Bernard Noël, dans le dossier que lui consacre la revue CCP (Cahier critique de poésie du centre international de poésie de Marseille), répond à une question de Jean Daive.
Jean Daive : Peut-être qu'un écrivain ne dit pas suffisamment qu'il ne comprend pas toujours ce qu'il écrit [...]

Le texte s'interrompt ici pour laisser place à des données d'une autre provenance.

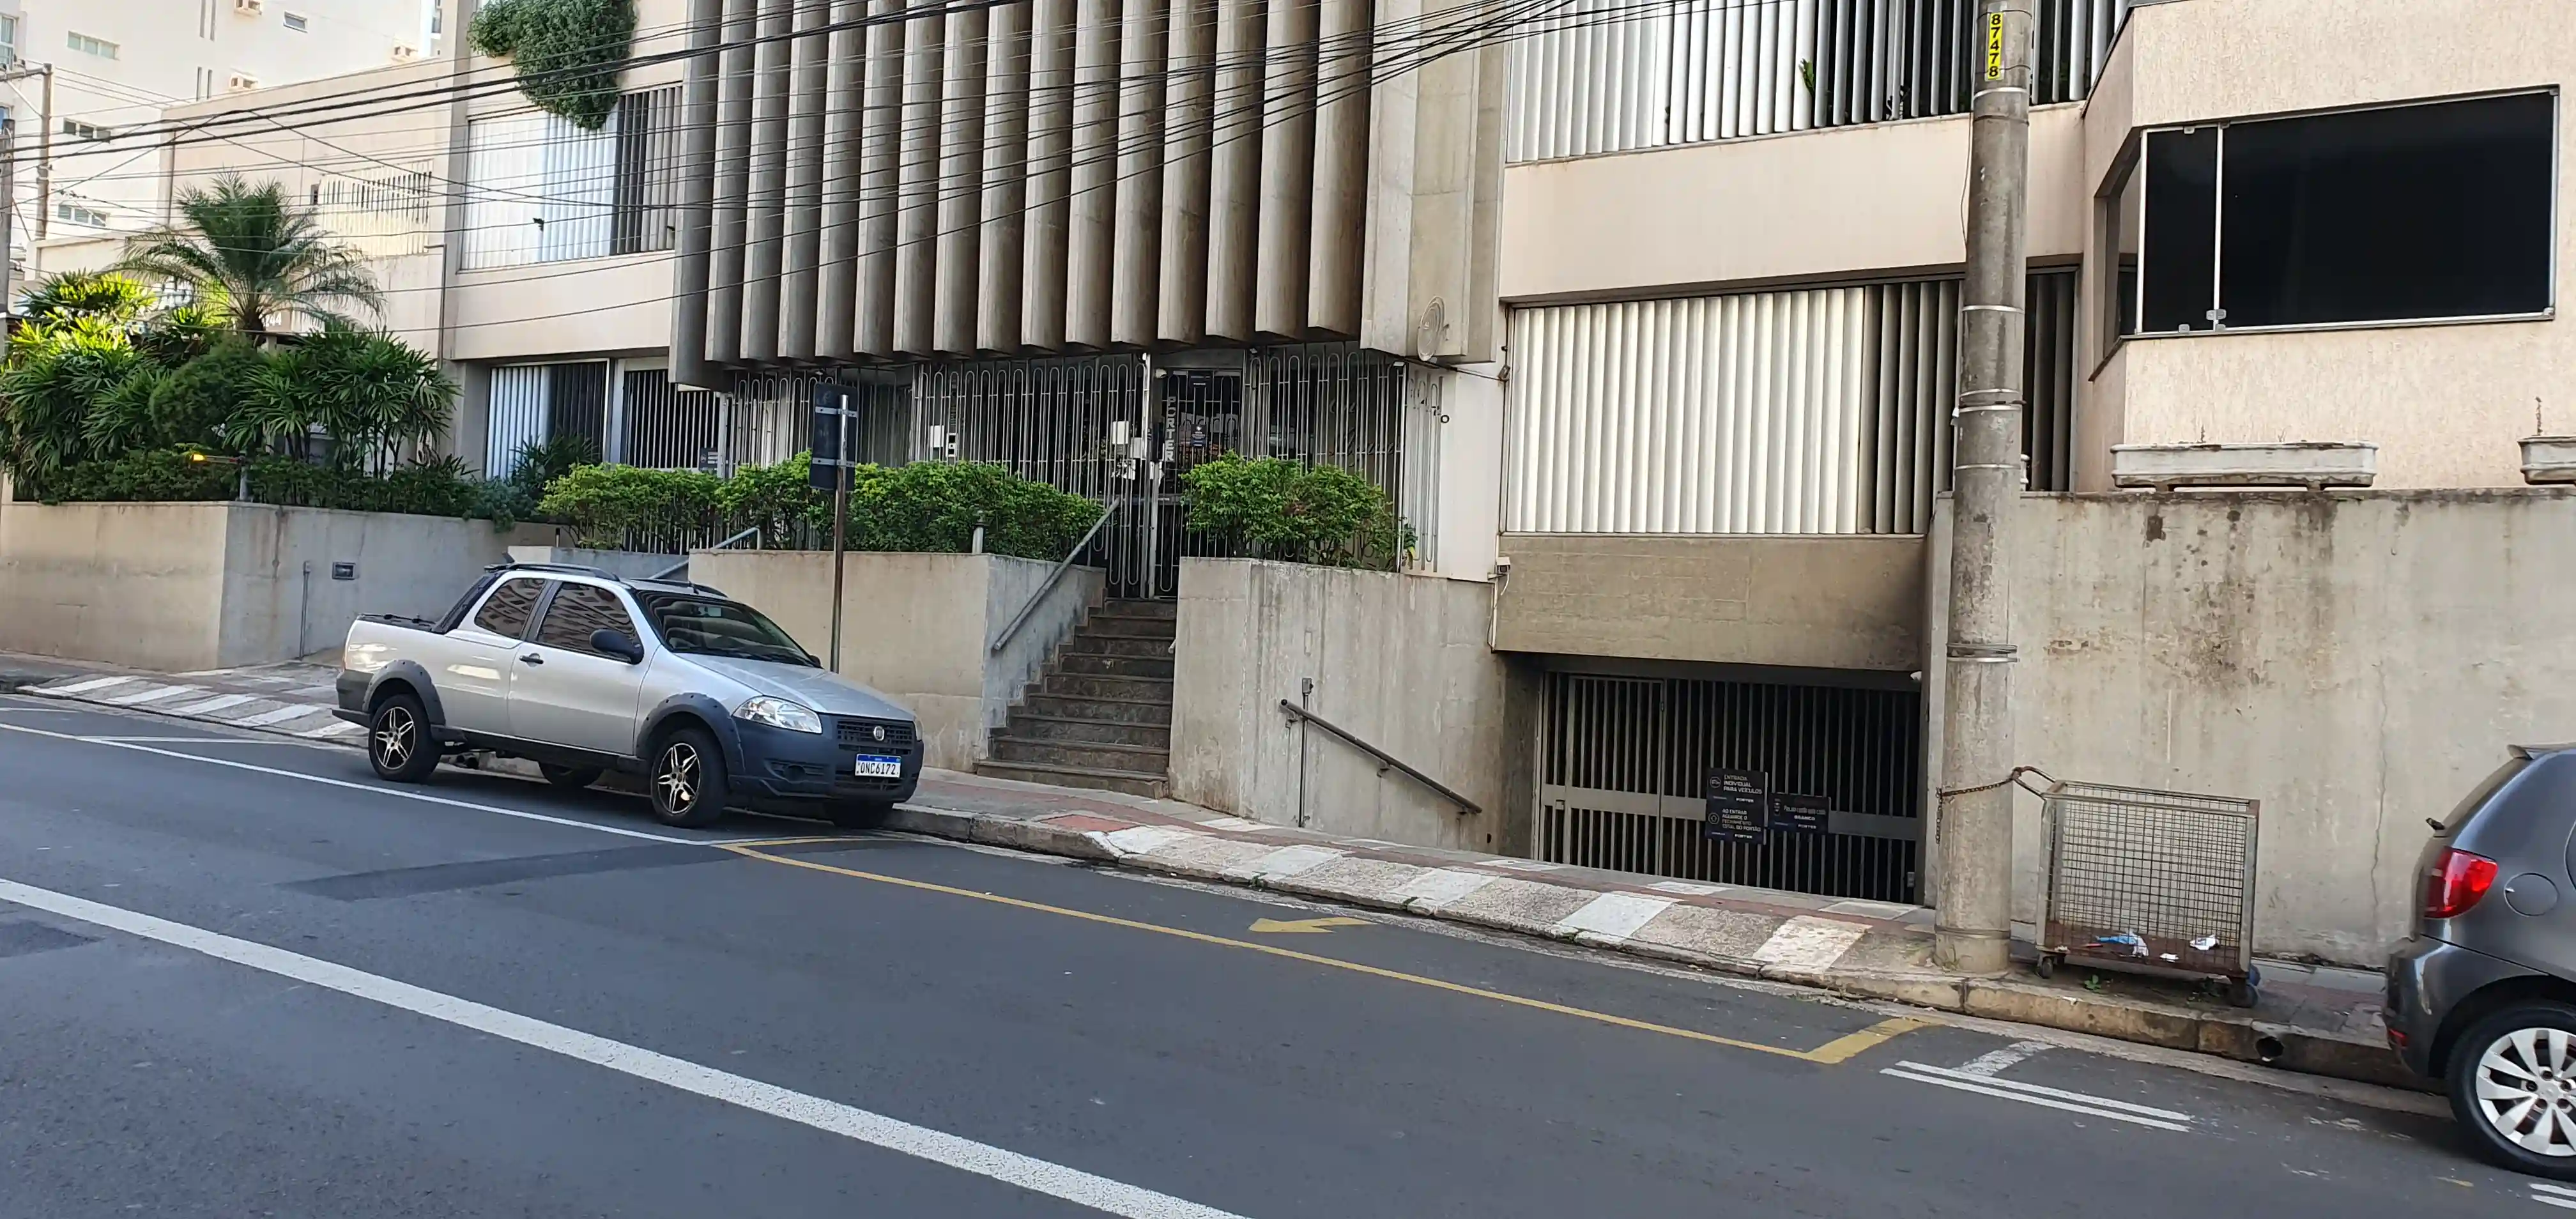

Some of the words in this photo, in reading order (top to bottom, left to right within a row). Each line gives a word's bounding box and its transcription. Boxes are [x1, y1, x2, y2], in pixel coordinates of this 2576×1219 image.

[1989, 14, 2001, 77] 87478
[1165, 396, 1177, 462] PORTER
[861, 762, 896, 775] ONC6172

Bernard Noël : c'est un phénomène qui m'intrigue beaucoup, mais... dont je n'ai eu fortement conscience qu'en écrivant mes monologues. [...] J'ai le sentiment que, dès le départ, un trajet, une forme, un trajet et une forme définissent un espace à parcourir, et que, cet espace, je ne le connaîtrai jamais. Parce que l'ayant parcouru, à la fin, je n'en saurais pas plus sur la nécessité qu'a créée l'appelant qui me poussait à faire ce trajet ? L'appelant, c'est la première phrase et cette première phrase, pourquoi, tout à coup, m'apparaît-elle comme la bonne ? Je n'en sais trop rien. Mais je sais qu'à partir du moment où la première phrase... la bonne première phrase est posée, le trajet va se développer de manière autonome par rapport à ma volonté. Ma seule volonté est de m'obstiner à aller jusqu'au bout, mais je ne mesure ni la distance à parcourir, ni les accidents qui vont survenir... Ensuite, après coup, cette situation est assez difficile à expliquer parce que, une fois terminé, le récit aura l'air de s'être développé selon une logique, comme dire, normale, alors que ce n'est pas du tout le cas, et que justement ce qui m'intéresse c'est que, phrase après phrase, quelque chose se révèle, qui ne m'appartient pas, que je ne contrôle pas [...]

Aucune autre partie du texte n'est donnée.